Nous sommes ravis d’annoncer la publication de la nouvelle stratégie Global Reproductive Equity. Nous sommes extrêmement reconnaissants de la générosité de nos partenaires bénéficiaires, de nos pairs bailleurs de fonds et d’autres parties prenantes importantes qui ont éclairé ce travail. Alors que nous lançons la stratégie, nous partageons des réflexions sur le processus et un aperçu des priorités clés pour l’avenir de notre travail.

Aperçu

Alors que nous travaillions sur l’actualisation de notre stratégie quinquennale au cours de la dernière année, le domaine de la santé et des droits sexuels et reproductifs (SDSR) a été en pleine mutation. La pandémie de COVID-19 continue de mettre à rude épreuve les systèmes de santé et d’entraver l’accès aux services essentiels de santé sexuelle et reproductive, alors même que le besoin de ces services augmente. L’évolution des contextes politiques et sociaux a de plus en plus élevé l’importance de la SDSR en tant que critique pour l’équité entre les sexes, tout en donnant également naissance à de grands mouvements d’opposition dotés de ressources suffisantes. Simultanément, le domaine est dans une période longtemps attendue de comptes autour de structures de pouvoir historiquement injustes et inéquitables qui ont conduit de nombreuses institutions philanthropiques et internationales de développement, y compris la Fondation Hewlett, à réexaminer leurs pratiques. Ces défis offrent une opportunité de construire une société plus équitable, durable, domaine de la SDSR et résilient qui répond mieux aux besoins de toutes les femmes et filles. La réalisation de cette opportunité est un élément moteur de notre nouvelle stratégie.

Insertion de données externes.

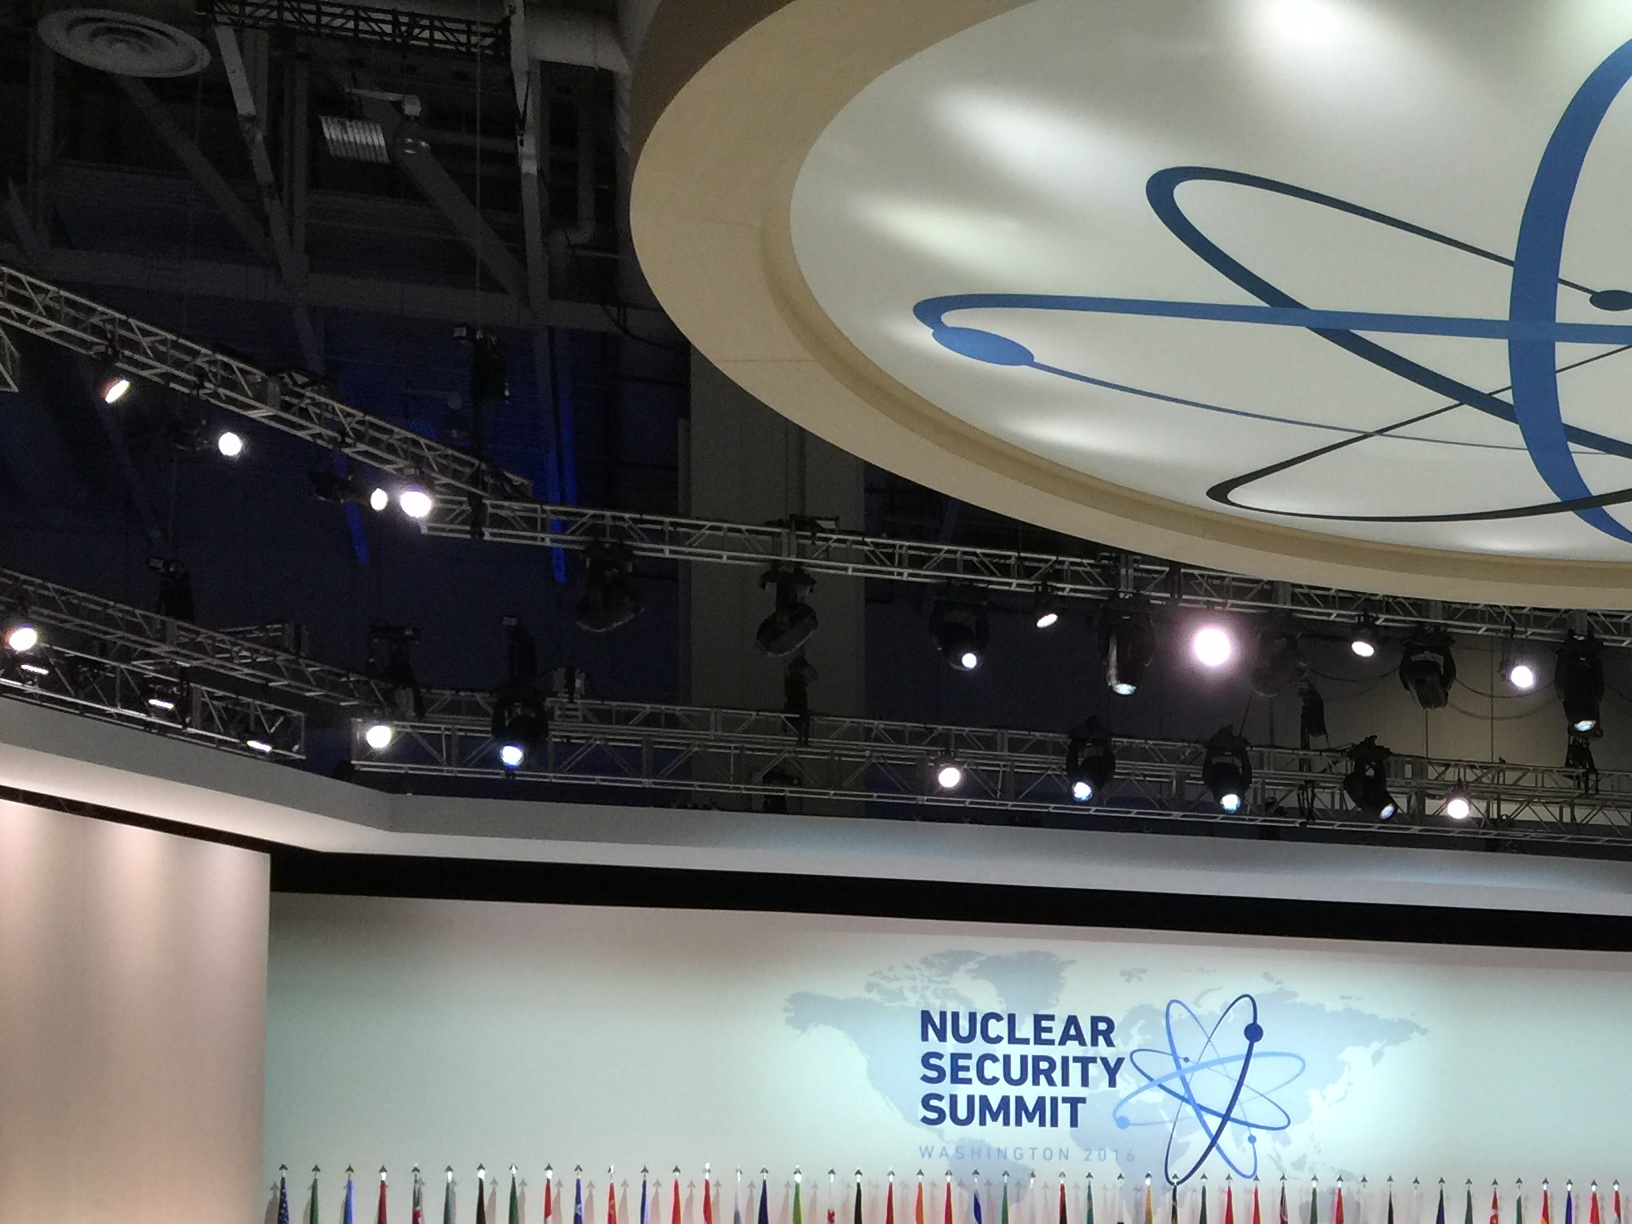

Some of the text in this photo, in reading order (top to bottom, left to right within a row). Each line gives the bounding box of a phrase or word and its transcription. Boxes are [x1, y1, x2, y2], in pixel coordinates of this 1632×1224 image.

[920, 1009, 1116, 1048] NUCLEAR
[919, 1050, 1126, 1089] SECURITY
[919, 1092, 1087, 1129] SUMMIT
[918, 1145, 1136, 1163] WASHINGTON 2016
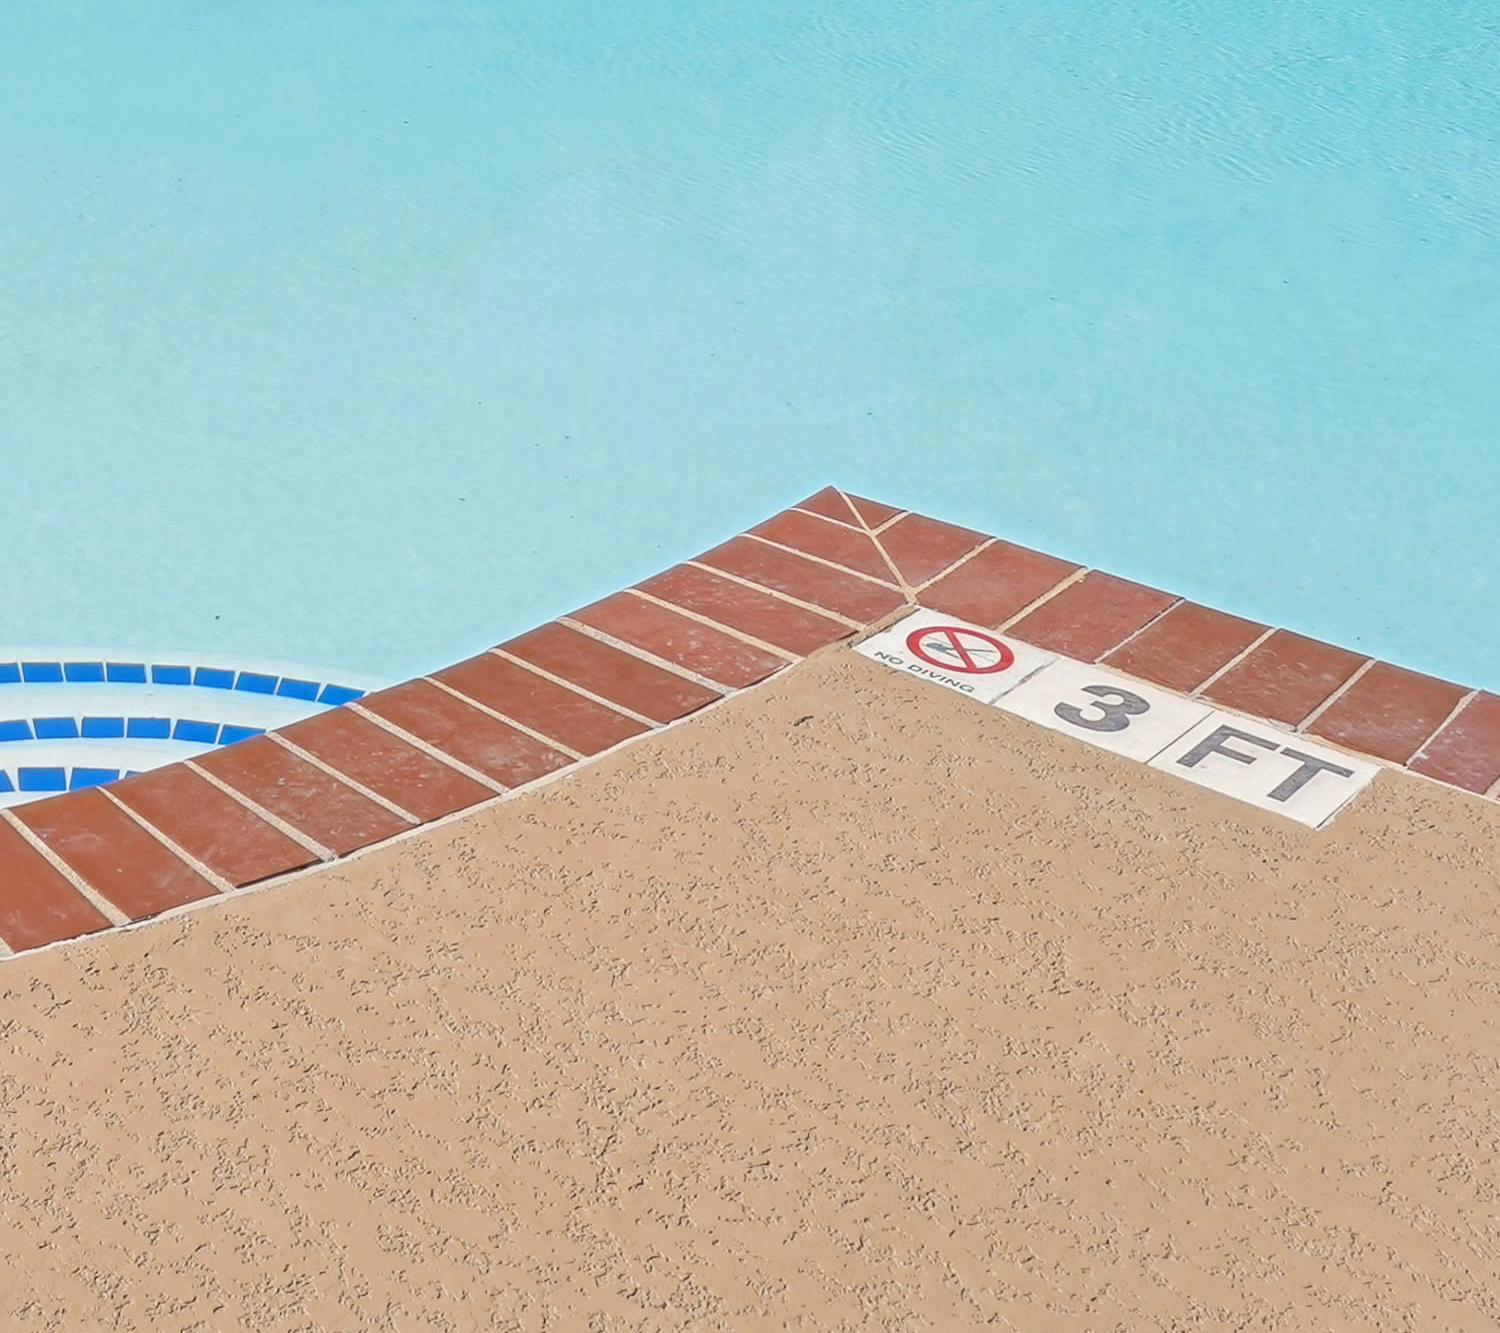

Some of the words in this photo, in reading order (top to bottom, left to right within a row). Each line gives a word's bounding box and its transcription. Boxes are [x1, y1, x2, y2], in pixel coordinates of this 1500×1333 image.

Nous avons lancé notre processus d’actualisation de la stratégie à la mi-2020, fondé sur nos principes directeurs , notamment l’humilité, le respect mutuel et la transparence. Alors que le début de la COVID-19 a créé des défis inattendus pour notre processus, notamment l’incapacité de nous réunir en personne avec les partenaires et les parties prenantes, nous avons rapidement basculé vers une approche virtuelle centrée sur un engagement significatif des parties prenantes. Nos partenaires en stratégie et évaluation Afton Bloom (basé à New York), Niyel (basé à Dakar) et Evaluating for Equality(basé à Londres) ont travaillé en collaboration avec nous pour engager les parties prenantes mondiales et régionales africaines afin de s’assurer que nous recevions les informations nécessaires pour guider notre nouvelle stratégie. Nous avons également été guidés par un comité consultatif représentant des bailleurs de fonds pairs, des institutions internationales, des partenaires bénéficiaires et des collègues ayant une expertise sur les questions de SDSR et les systèmes de santé en Afrique. Ce comité a fourni des commentaires essentiels sur l’objectif de la stratégie, les résultats et l’approche globale.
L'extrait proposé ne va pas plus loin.